ECE and CS, University of Pittsburgh
In this talk, I’m going to try to connect my experience working for several decades on electronic design automation (EDA, aka VLSI CAD) and analog, with the recent revolution in AI. Analog is a particularly interesting subset of the broader chips and semiconductors landscape, as it has a formidable reputation for difficulty, and reliance on “seen patterns” in circuits as one explanation for how human experts do successful design. As it turns out, combinatorial algorithms are also pretty good at doing analog design. But I’m also going to argue that the intersection of analog and AI is a fruitful one, specifically because of this “pattern dependency” angle. I’m going to use three chip designs I’ve been part of to illustrate these ideas. I’ll close with an overview of my Coursera MOOCs on VLSI CAD, which have now been operating for ten years, with 100,000+ registered students planet-wide, to talk about where we might be going next, as the world is pivoting back toward regarding chips and semiconductors as key strategic assets.
Rob A. Rutenbar is Senior Vice Chancellor for Research at the University of Pittsburgh, where he has responsibility for Pitt’s research and innovation infrastructure. He is also Distinguished Professor of CS and of ECE. From 2010 to 2017, he was Head of Computer Science at the University of Illinois at Urbana-Champaign. He received the Ph.D. from the University of Michigan in 1984, and spent the next 25 years at Carnegie Mellon University, where he held the Jatras Chair in Engineering.

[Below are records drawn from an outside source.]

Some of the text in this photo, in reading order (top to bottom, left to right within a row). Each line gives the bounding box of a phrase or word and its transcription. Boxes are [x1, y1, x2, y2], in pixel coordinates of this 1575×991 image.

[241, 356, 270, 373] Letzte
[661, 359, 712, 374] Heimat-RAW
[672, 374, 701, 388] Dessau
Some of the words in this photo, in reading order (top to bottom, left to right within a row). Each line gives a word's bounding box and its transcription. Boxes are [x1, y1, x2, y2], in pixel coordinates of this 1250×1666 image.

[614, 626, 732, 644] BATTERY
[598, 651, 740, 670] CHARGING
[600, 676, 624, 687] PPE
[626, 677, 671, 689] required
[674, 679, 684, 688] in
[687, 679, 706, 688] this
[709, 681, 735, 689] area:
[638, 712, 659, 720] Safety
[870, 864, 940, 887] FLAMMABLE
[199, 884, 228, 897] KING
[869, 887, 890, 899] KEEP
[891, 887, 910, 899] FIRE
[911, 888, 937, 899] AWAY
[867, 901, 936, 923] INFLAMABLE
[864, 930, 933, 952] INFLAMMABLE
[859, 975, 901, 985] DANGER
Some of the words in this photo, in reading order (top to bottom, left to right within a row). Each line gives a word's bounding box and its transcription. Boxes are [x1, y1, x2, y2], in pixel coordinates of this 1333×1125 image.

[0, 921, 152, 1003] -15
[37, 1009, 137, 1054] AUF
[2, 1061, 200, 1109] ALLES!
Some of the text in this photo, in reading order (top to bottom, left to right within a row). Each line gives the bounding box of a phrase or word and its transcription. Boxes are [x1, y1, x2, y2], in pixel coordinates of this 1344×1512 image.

His research focuses on tools for analog integrated circuits, and hardware architectures for AI. He has founded two successful venture-backed startups: Neolinear (acquired by Cadence in 2004) and Voci Technologies (acquired by Medallia in 2020). He has received numerous awards for his work, including the 2017 Phil Kaufman Award from the EDA community and IEEE, and the 2021 ACM SIGDA Pioneering Achievement Award. He has co-chaired the CISE Advisory Committee for the National Science Foundation and served on multiple US National Academies study panels. His work has been featured in venues ranging from IEEE Spectrum to the Economist.